= Hopong Koyinlay =

Burmese Buddhist monk (1974 – 2021)

Ashin Porisa (အရှင်ပေါရိသ), also known as Hopong Koyinlay (ဟိုပုံးကိုရင်လေး; 1974 — 1
September 2021), was an influential Pa'O monk from Hopong in southern Shan State.

He was known for his religious works on Pa'O Self-Administered Zone and led the Htam Sam Cave. Koyinlay and his monastery area were guarded by Pa-O National Army.

He became a samanera at the age of six. He cut his pinkie for his deep religious donation. He found a cave as suggestion of his dream. Koyinlay said he subsequently returned to the caves, exploring the deeper caverns while fighting off the ghosts and evil spirits that were roaming in the darkness, disturbing his meditation sequences. He built many Buddhist images and pagodas in the cave. The cave was named Htam Sam Cave and became a popular pilgrimage destination.

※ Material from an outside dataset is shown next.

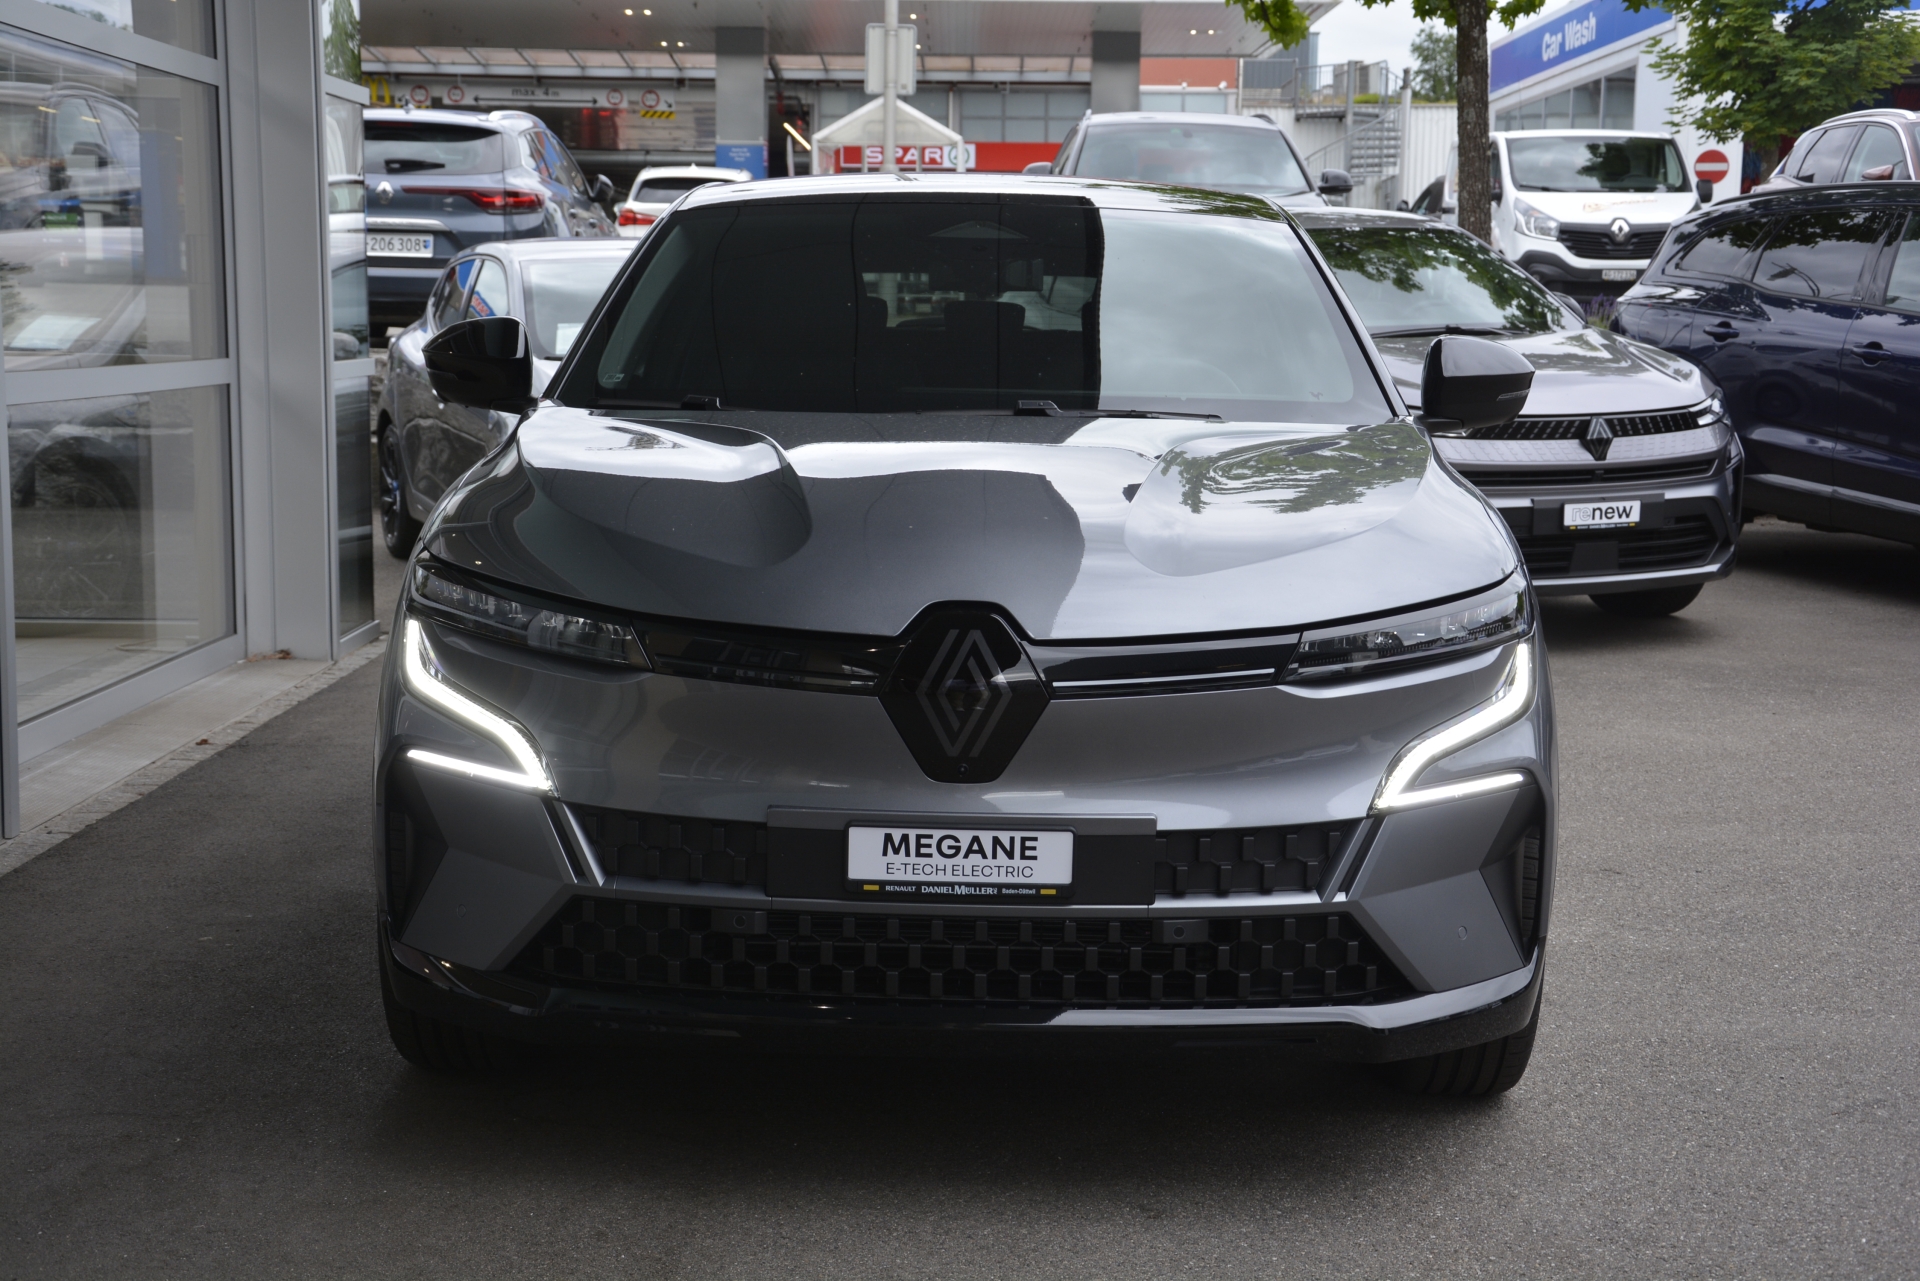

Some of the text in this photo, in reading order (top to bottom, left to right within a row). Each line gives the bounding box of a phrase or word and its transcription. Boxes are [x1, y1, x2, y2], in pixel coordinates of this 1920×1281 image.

[1542, 11, 1596, 62] Car Wash
[1572, 505, 1633, 522] renew
[882, 832, 1039, 861] MEGANE
[886, 862, 1034, 878] E-TECH ELECTRIC

He has not yet obtained the title of 'sayadaw' even at age 40. He is referred to as "Koyinlay" (meaning 'young novice'), probably in reference to his young age when he had the visions.

Koyinlay had been highly influenced on Pa-O people and Pa-O National Army. He led the local people in teaching military skills. In 2015, he ordered the construction of a smaller replica of Shwedagon Pagoda in Hopong. Koyinlay's Myitta Kham Tan gang, which has over 5,000 members, has teamed up with the Myanmar military in Hopong Township, Shan State.

Koyinlay died on 1 September 2021, at the age of 47, as a result of coronavirus disease (COVID-19).